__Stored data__
^^^^
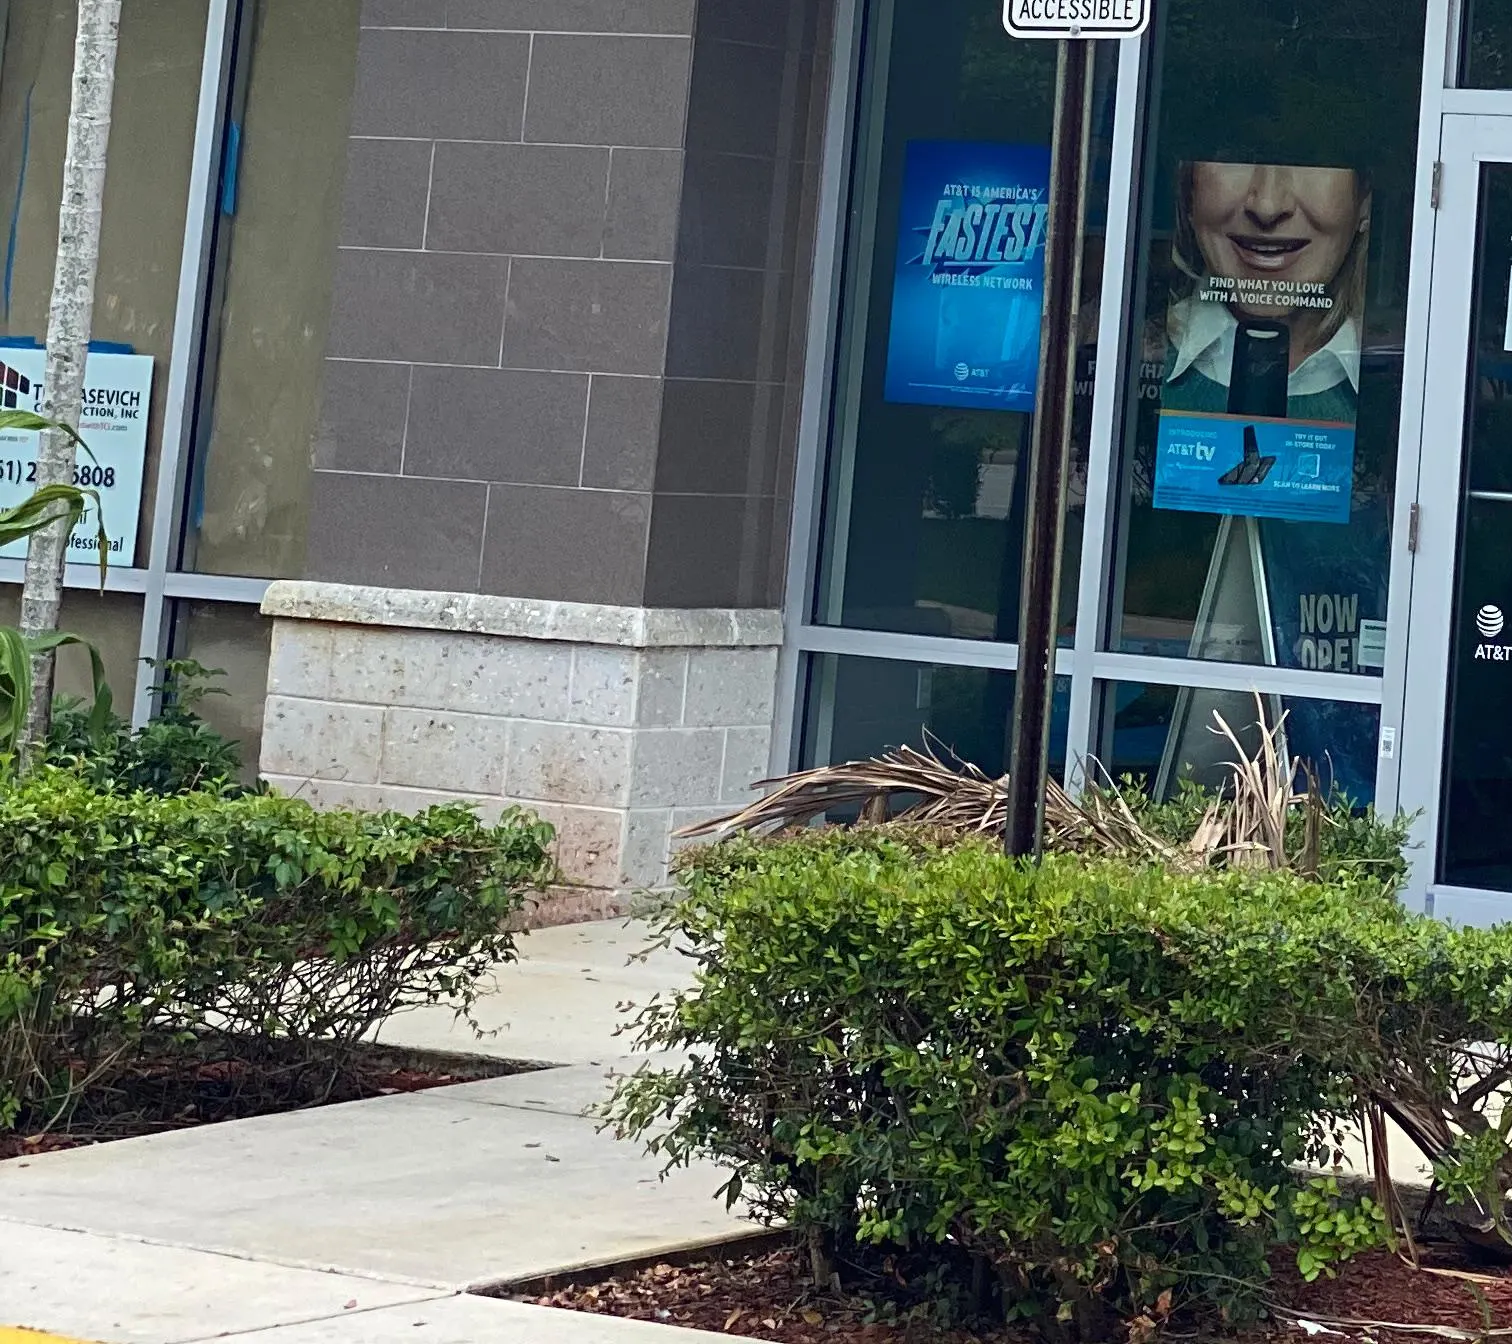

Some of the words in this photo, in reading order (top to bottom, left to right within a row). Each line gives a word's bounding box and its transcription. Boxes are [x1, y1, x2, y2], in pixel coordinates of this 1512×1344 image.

[943, 184, 969, 197] AT&T
[971, 185, 981, 198] IS
[983, 187, 1038, 201] AMERICA'S
[922, 199, 1049, 264] FASTEST
[932, 273, 981, 287] WIRELESS
[983, 276, 1033, 290] NETWORK
[1209, 277, 1235, 289] FIND
[1237, 279, 1269, 291] WHAT
[1271, 281, 1295, 292] YOU
[1296, 282, 1325, 294] LOVE
[1200, 290, 1228, 302] WITH
[1229, 292, 1238, 303] A
[1240, 293, 1273, 305] VOICE
[1275, 295, 1333, 309] COMMAND
[121, 408, 139, 419] INC
[1167, 443, 1195, 456] AT&T
[1195, 441, 1216, 462] tv
[1300, 593, 1359, 634] NOW
[1474, 644, 1512, 661] AT&T
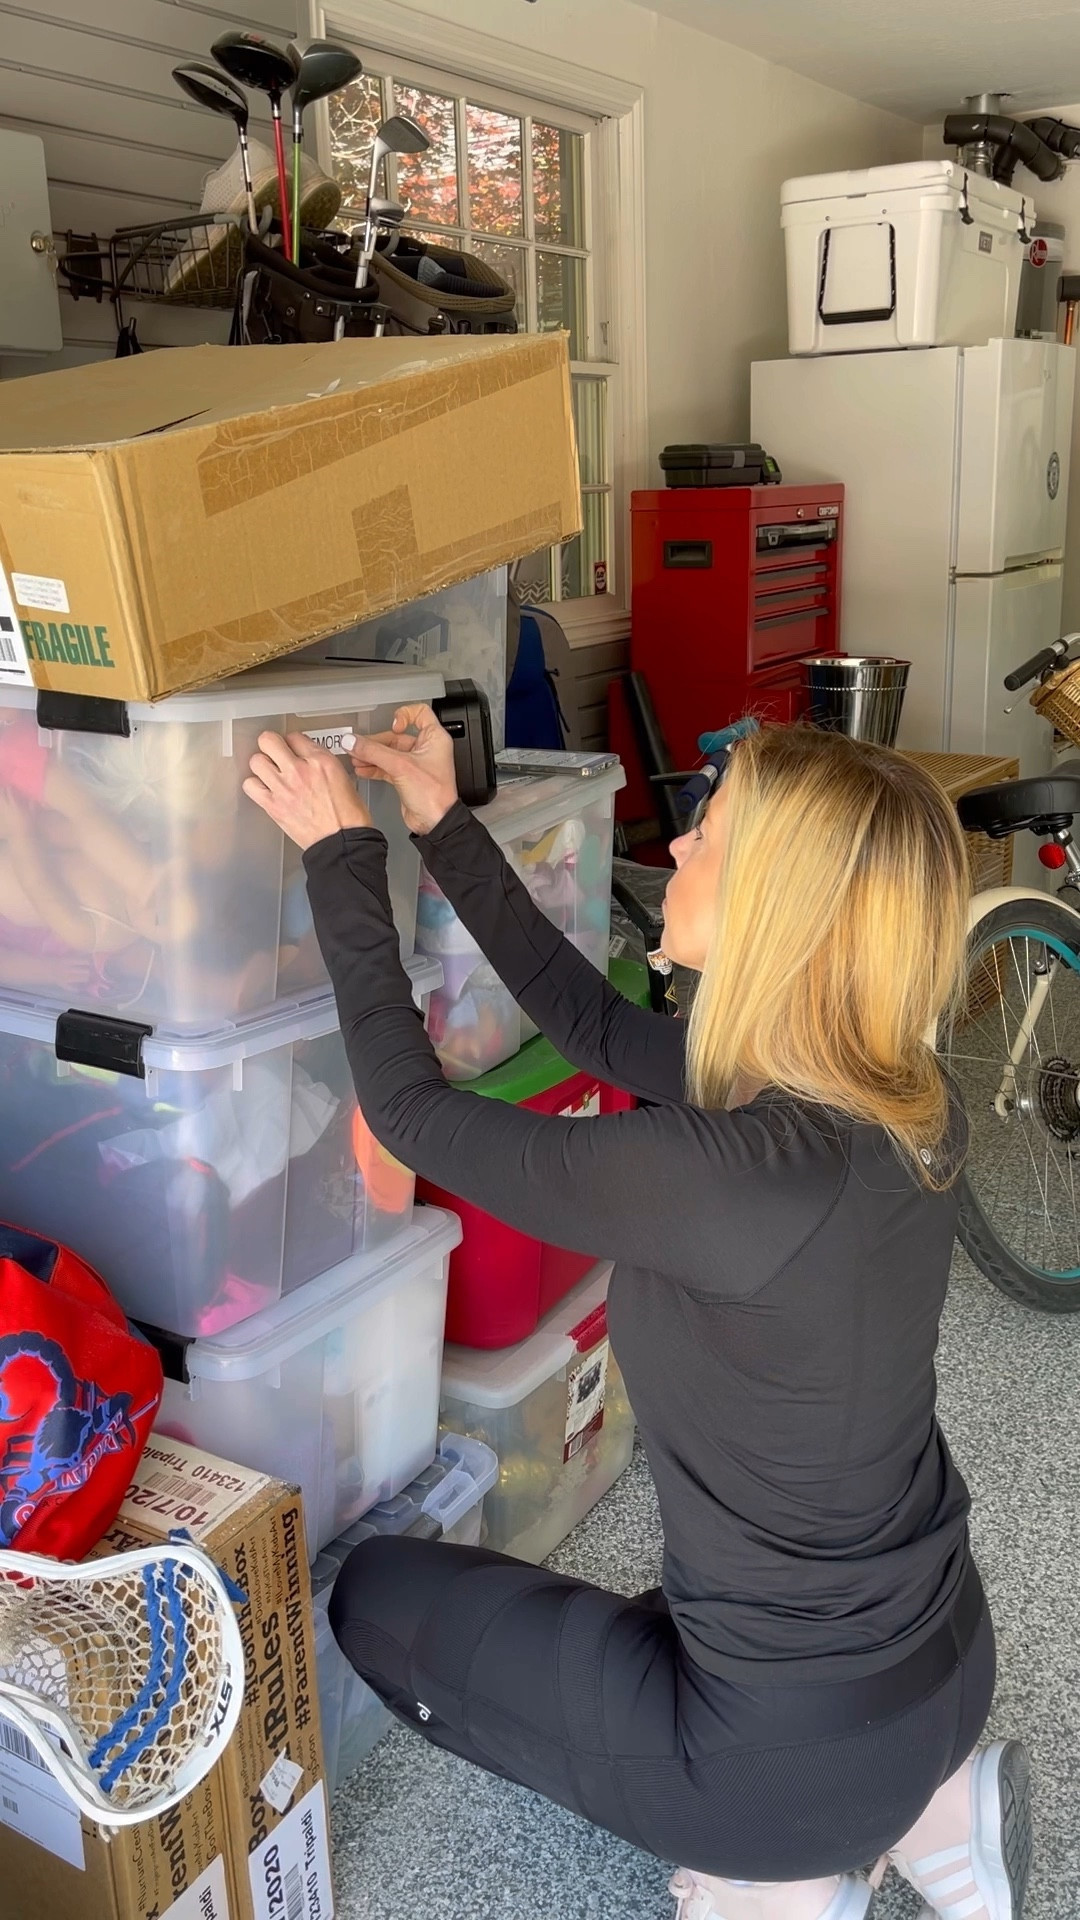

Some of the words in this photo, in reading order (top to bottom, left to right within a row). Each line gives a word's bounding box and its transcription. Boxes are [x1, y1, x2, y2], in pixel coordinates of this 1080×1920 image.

[19, 619, 116, 668] FRAGILE
[311, 734, 344, 750] MOR
[191, 1465, 246, 1494] 123410
[235, 1542, 261, 1707] #IGotThBox
[281, 1507, 311, 1730] #ParentWinning
[210, 1679, 234, 1738] STX
[300, 1808, 318, 1870] Tripaldi
[263, 1844, 286, 1920] /2020
^^^^
Leave every picture out. Retype the remaining data exactly.

Some of the words in this photo, in reading order (top to bottom, left to right within a row). Each line gives a word's bounding box and its transcription. Boxes are [x1, y1, x2, y2], in pixel coordinates of this 1512×1344 image.

[943, 184, 969, 197] AT&T
[971, 185, 981, 198] IS
[983, 187, 1038, 201] AMERICA'S
[922, 199, 1049, 264] FASTEST
[932, 273, 981, 287] WIRELESS
[983, 276, 1033, 290] NETWORK
[1209, 277, 1235, 289] FIND
[1237, 279, 1269, 291] WHAT
[1271, 281, 1295, 292] YOU
[1296, 282, 1325, 294] LOVE
[1200, 290, 1228, 302] WITH
[1229, 292, 1238, 303] A
[1240, 293, 1273, 305] VOICE
[1275, 295, 1333, 309] COMMAND
[121, 408, 139, 419] INC
[1167, 443, 1195, 456] AT&T
[1195, 441, 1216, 462] tv
[1300, 593, 1359, 634] NOW
[1474, 644, 1512, 661] AT&T

Some of the words in this photo, in reading order (top to bottom, left to right within a row). Each line gives a word's bounding box and its transcription. Boxes are [x1, y1, x2, y2], in pixel coordinates of this 1080×1920 image.

[19, 619, 116, 668] FRAGILE
[311, 734, 344, 750] MOR
[191, 1465, 246, 1494] 123410
[235, 1542, 261, 1707] #IGotThBox
[281, 1507, 311, 1730] #ParentWinning
[210, 1679, 234, 1738] STX
[300, 1808, 318, 1870] Tripaldi
[263, 1844, 286, 1920] /2020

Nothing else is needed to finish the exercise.